Would you please transcribe the records below exactly, leaving out the pictures?

(Saved entries)
--
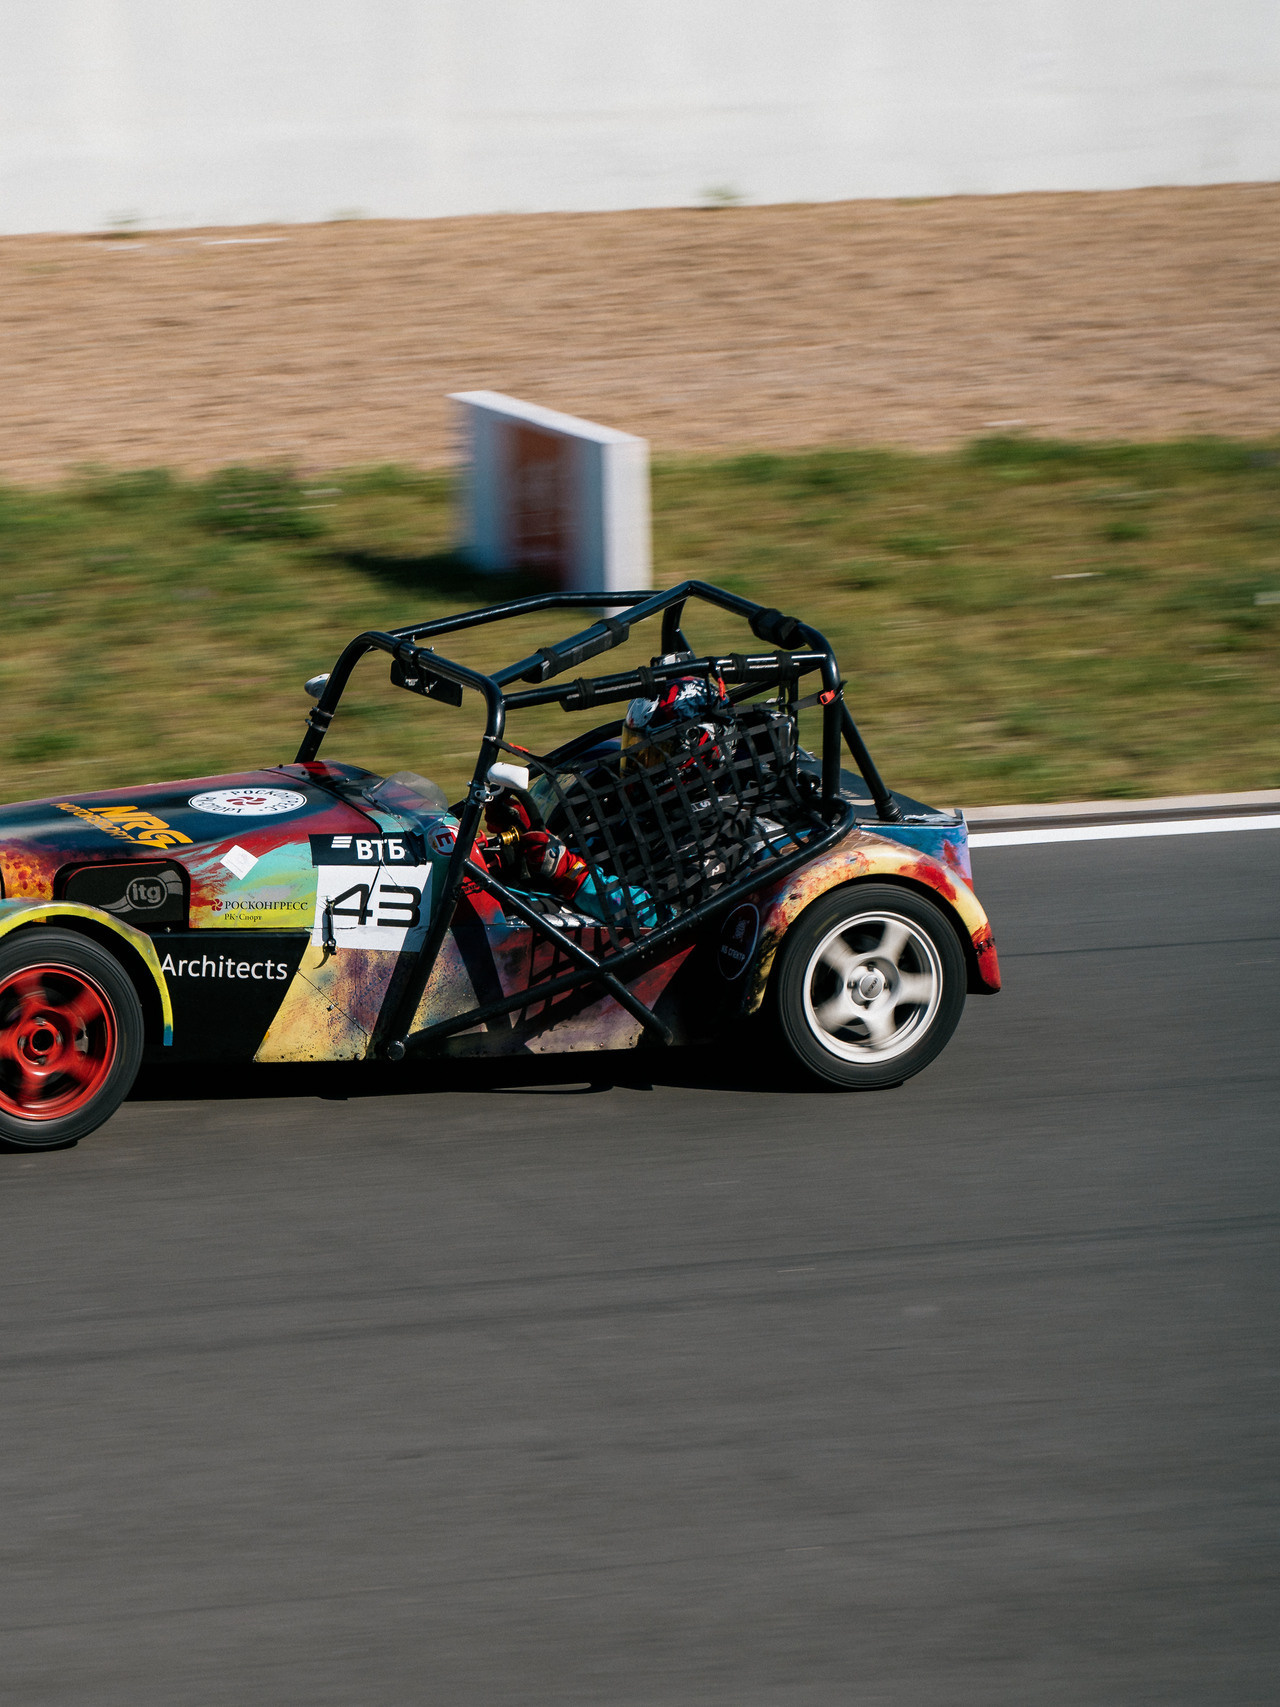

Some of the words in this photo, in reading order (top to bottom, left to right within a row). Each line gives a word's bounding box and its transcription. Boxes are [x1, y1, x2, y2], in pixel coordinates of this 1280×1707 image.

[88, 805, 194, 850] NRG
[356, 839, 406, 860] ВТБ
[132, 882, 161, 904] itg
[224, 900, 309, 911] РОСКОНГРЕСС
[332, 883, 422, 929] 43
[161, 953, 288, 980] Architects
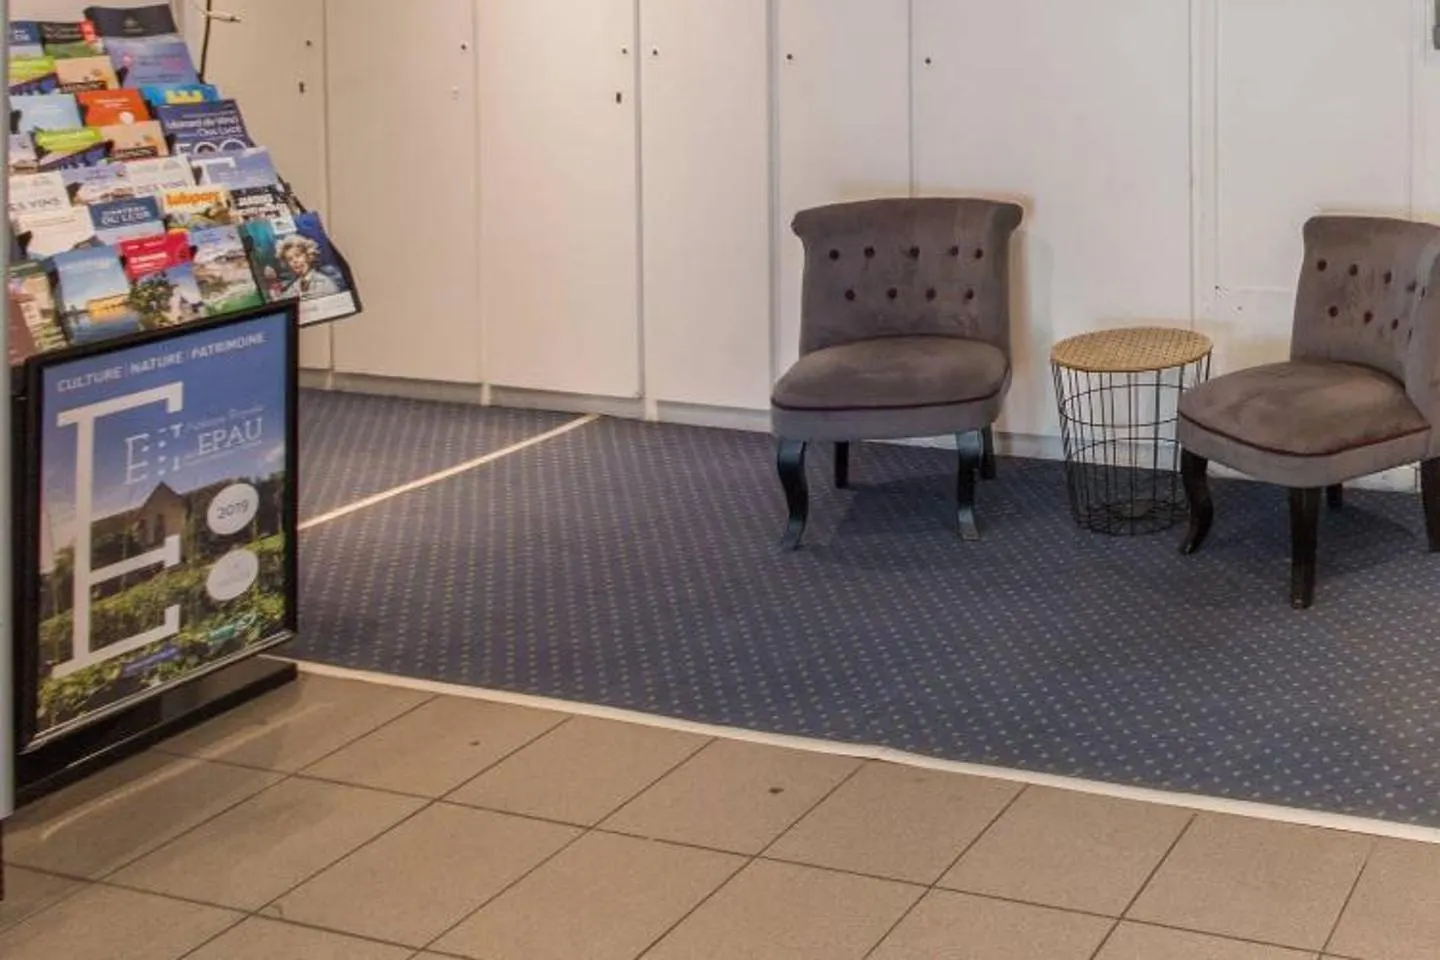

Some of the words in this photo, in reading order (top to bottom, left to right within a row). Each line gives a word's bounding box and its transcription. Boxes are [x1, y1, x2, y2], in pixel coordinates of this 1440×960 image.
--
▶ **TASK SOLUTION**:
Some of the words in this photo, in reading order (top to bottom, left to right within a row). Each line gives a word's bounding box and its transcription. Boxes are [x1, y1, x2, y2], in pixel coordinates of this 1280×1707 image.

[88, 805, 194, 850] NRG
[356, 839, 406, 860] ВТБ
[132, 882, 161, 904] itg
[224, 900, 309, 911] РОСКОНГРЕСС
[332, 883, 422, 929] 43
[161, 953, 288, 980] Architects

Some of the words in this photo, in reading order (top to bottom, left to right within a row). Each line gives a word's bounding box and its transcription. Boxes are [x1, y1, x2, y2], in pixel coordinates of this 1440×960 image.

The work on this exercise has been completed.